Proposals are invited for two panels.
Accepted papers for the panels will appear in the Conference Proceedings and
must be formatted according to the guidelines. See submissions
for deadlines and formatting guidelines.
PANEL 1: The Multilingual Internet
Panel Chairs: Susan Herring
and Brenda Danet
Expanding on their collective work, including a special issue of the Journal of
Computer-Mediated Communication, this panel invites papers with a specific focus on how the Internet impacts language choice and
linguistic practices in traditionally non-English speaking cultural contexts. Of particular interest are situations that respond in
various ways to the tension between global English dominance and local linguistic diversity, e.g., through use of English as an
online lingua franca, the "localization" of global or regional linguistic influences, translation or code-switching between different languages, and strategic uses of the Internet to maintain and invigorate minority languages.

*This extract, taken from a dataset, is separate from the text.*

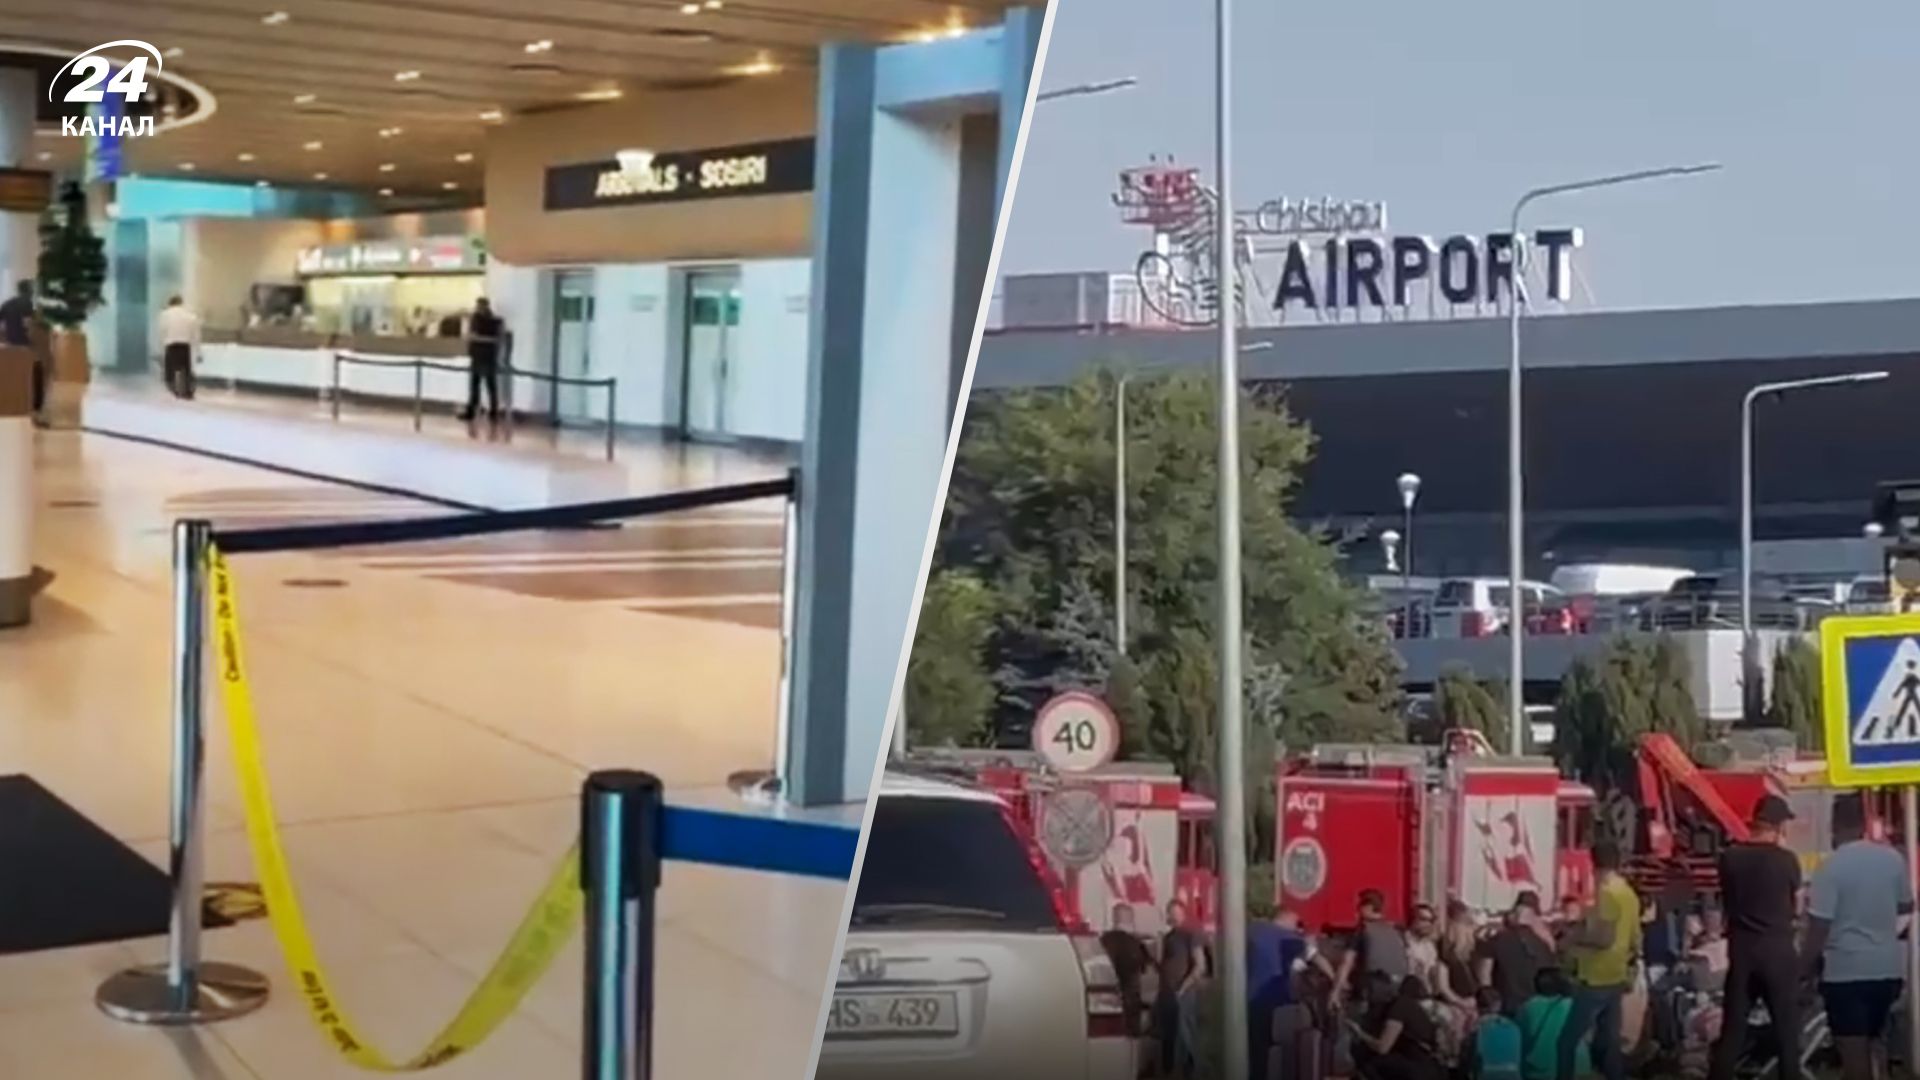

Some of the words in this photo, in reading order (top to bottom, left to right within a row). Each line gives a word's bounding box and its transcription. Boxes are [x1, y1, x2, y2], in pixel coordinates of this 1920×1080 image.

Submit short paper (3-5 pages) for Panel 1 to
both Professor Susan
Herring and Professor Brenda Danet.
Professor Herring, Information Science and Linguistics,
Indiana University Bloomington
Professor Brenda Danet, Sociology & Communication, Hebrew University of
Jerusalem (Emerita); Anthropology, Yale University
PANEL 2: Utopian Dreams vs. Real-World Conditions:
Under what conditions can ICTs really help worse off communities?
Panel Chair: Michel
J. Menou
CATaC'04 will likely feature some examples of "best practices" in using ICTs to aid culturally-appropriate development, especially as pursued through governmental or NGOs' projects, community informatics endeavours, etc. At the same time, however, real-world politics and realities - e.g., violent oppression, political corruption, gender and ethnic discrimination, abuse of dominant economic position, structural disasters, worst practices of all kinds and origins, etc. - can shatter the best-laid plans for using ICTs to supposedly help especially the poorest of the poor. How far can ICTs succeed in supporting culturally-appropriate development - and what appropriate answers to real-world conditions are required in order for our best efforts to realize the liberatory potentials of these technologies not be broken down?
Michel Menou, has worked on the development of national information policies and systems in many countries of the Southern hemisphere since 1966. Since 1992 his work focused on the impact of information and ICT in development. He is a member of the Community Informatics Research Network and of the network of Telecentres of Latin America and Caribbean.
Full or short papers (in English) for
Panel 2 are to be emailed to Michel Menou, Michel.Menou@wanadoo.fr.
Colleagues who have difficulty writing a paper in English may obtain advance
guidance by sending, as soon as possible, a short and precise outline (500 words
maximum) of their proposed
contributions for Panel 2 to Professor Menou, in French, Italian, Portuguese or
Spanish.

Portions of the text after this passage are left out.